Aim of the exercise. Reproduce all the entries exactly.

*** Dataset entries ***

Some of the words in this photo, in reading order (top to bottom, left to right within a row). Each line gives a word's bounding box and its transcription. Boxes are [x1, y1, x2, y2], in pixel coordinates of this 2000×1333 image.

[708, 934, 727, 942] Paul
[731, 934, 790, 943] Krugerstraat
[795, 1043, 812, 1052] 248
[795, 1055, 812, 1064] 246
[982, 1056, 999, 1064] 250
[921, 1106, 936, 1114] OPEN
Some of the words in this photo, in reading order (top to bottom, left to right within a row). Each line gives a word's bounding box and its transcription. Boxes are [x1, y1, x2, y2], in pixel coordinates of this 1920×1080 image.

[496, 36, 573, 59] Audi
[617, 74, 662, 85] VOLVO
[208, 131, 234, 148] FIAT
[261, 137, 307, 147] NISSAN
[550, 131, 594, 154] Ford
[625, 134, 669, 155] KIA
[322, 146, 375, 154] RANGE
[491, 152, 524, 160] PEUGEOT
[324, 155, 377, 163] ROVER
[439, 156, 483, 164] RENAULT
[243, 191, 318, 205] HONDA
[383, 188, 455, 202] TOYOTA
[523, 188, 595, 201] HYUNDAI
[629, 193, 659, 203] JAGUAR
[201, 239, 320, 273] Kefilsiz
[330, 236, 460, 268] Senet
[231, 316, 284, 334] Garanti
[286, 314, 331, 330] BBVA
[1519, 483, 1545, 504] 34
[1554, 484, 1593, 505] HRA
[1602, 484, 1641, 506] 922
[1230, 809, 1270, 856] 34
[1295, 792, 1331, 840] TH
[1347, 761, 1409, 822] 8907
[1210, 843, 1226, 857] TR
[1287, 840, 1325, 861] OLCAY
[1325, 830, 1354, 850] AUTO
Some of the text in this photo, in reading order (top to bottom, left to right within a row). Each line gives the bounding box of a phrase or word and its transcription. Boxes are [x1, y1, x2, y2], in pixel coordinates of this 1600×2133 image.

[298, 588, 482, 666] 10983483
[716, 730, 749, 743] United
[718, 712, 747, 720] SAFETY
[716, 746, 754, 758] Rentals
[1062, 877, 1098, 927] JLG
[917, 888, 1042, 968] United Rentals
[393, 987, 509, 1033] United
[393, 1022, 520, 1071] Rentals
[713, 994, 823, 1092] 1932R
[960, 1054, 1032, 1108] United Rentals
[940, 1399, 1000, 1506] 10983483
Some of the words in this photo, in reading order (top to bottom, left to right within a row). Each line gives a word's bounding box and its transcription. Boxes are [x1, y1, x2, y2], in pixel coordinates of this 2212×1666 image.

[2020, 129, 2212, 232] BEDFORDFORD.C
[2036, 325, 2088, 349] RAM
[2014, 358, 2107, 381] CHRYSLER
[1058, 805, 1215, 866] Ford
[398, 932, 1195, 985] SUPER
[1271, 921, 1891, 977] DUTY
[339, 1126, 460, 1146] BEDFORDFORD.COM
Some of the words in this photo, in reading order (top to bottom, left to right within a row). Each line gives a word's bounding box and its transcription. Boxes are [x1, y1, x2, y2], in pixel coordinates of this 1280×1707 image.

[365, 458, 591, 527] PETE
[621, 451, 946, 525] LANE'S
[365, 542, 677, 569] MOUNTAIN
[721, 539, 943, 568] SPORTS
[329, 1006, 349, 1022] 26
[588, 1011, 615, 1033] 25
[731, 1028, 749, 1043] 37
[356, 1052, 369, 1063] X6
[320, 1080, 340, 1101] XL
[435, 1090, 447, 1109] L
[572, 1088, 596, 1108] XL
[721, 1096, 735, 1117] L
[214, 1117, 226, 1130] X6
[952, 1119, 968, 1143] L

*** End of Dataset entries ***

Output below.
Some of the words in this photo, in reading order (top to bottom, left to right within a row). Each line gives a word's bounding box and its transcription. Boxes are [x1, y1, x2, y2], in pixel coordinates of this 2000×1333 image.

[708, 934, 727, 942] Paul
[731, 934, 790, 943] Krugerstraat
[795, 1043, 812, 1052] 248
[795, 1055, 812, 1064] 246
[982, 1056, 999, 1064] 250
[921, 1106, 936, 1114] OPEN
Some of the words in this photo, in reading order (top to bottom, left to right within a row). Each line gives a word's bounding box and its transcription. Boxes are [x1, y1, x2, y2], in pixel coordinates of this 1920×1080 image.

[496, 36, 573, 59] Audi
[617, 74, 662, 85] VOLVO
[208, 131, 234, 148] FIAT
[261, 137, 307, 147] NISSAN
[550, 131, 594, 154] Ford
[625, 134, 669, 155] KIA
[322, 146, 375, 154] RANGE
[491, 152, 524, 160] PEUGEOT
[324, 155, 377, 163] ROVER
[439, 156, 483, 164] RENAULT
[243, 191, 318, 205] HONDA
[383, 188, 455, 202] TOYOTA
[523, 188, 595, 201] HYUNDAI
[629, 193, 659, 203] JAGUAR
[201, 239, 320, 273] Kefilsiz
[330, 236, 460, 268] Senet
[231, 316, 284, 334] Garanti
[286, 314, 331, 330] BBVA
[1519, 483, 1545, 504] 34
[1554, 484, 1593, 505] HRA
[1602, 484, 1641, 506] 922
[1230, 809, 1270, 856] 34
[1295, 792, 1331, 840] TH
[1347, 761, 1409, 822] 8907
[1210, 843, 1226, 857] TR
[1287, 840, 1325, 861] OLCAY
[1325, 830, 1354, 850] AUTO
Some of the text in this photo, in reading order (top to bottom, left to right within a row). Each line gives the bounding box of a phrase or word and its transcription. Boxes are [x1, y1, x2, y2], in pixel coordinates of this 1600×2133 image.

[298, 588, 482, 666] 10983483
[716, 730, 749, 743] United
[718, 712, 747, 720] SAFETY
[716, 746, 754, 758] Rentals
[1062, 877, 1098, 927] JLG
[917, 888, 1042, 968] United Rentals
[393, 987, 509, 1033] United
[393, 1022, 520, 1071] Rentals
[713, 994, 823, 1092] 1932R
[960, 1054, 1032, 1108] United Rentals
[940, 1399, 1000, 1506] 10983483
Some of the words in this photo, in reading order (top to bottom, left to right within a row). Each line gives a word's bounding box and its transcription. Boxes are [x1, y1, x2, y2], in pixel coordinates of this 2212×1666 image.

[2020, 129, 2212, 232] BEDFORDFORD.C
[2036, 325, 2088, 349] RAM
[2014, 358, 2107, 381] CHRYSLER
[1058, 805, 1215, 866] Ford
[398, 932, 1195, 985] SUPER
[1271, 921, 1891, 977] DUTY
[339, 1126, 460, 1146] BEDFORDFORD.COM
Some of the words in this photo, in reading order (top to bottom, left to right within a row). Each line gives a word's bounding box and its transcription. Boxes are [x1, y1, x2, y2], in pixel coordinates of this 1280×1707 image.

[365, 458, 591, 527] PETE
[621, 451, 946, 525] LANE'S
[365, 542, 677, 569] MOUNTAIN
[721, 539, 943, 568] SPORTS
[329, 1006, 349, 1022] 26
[588, 1011, 615, 1033] 25
[731, 1028, 749, 1043] 37
[356, 1052, 369, 1063] X6
[320, 1080, 340, 1101] XL
[435, 1090, 447, 1109] L
[572, 1088, 596, 1108] XL
[721, 1096, 735, 1117] L
[214, 1117, 226, 1130] X6
[952, 1119, 968, 1143] L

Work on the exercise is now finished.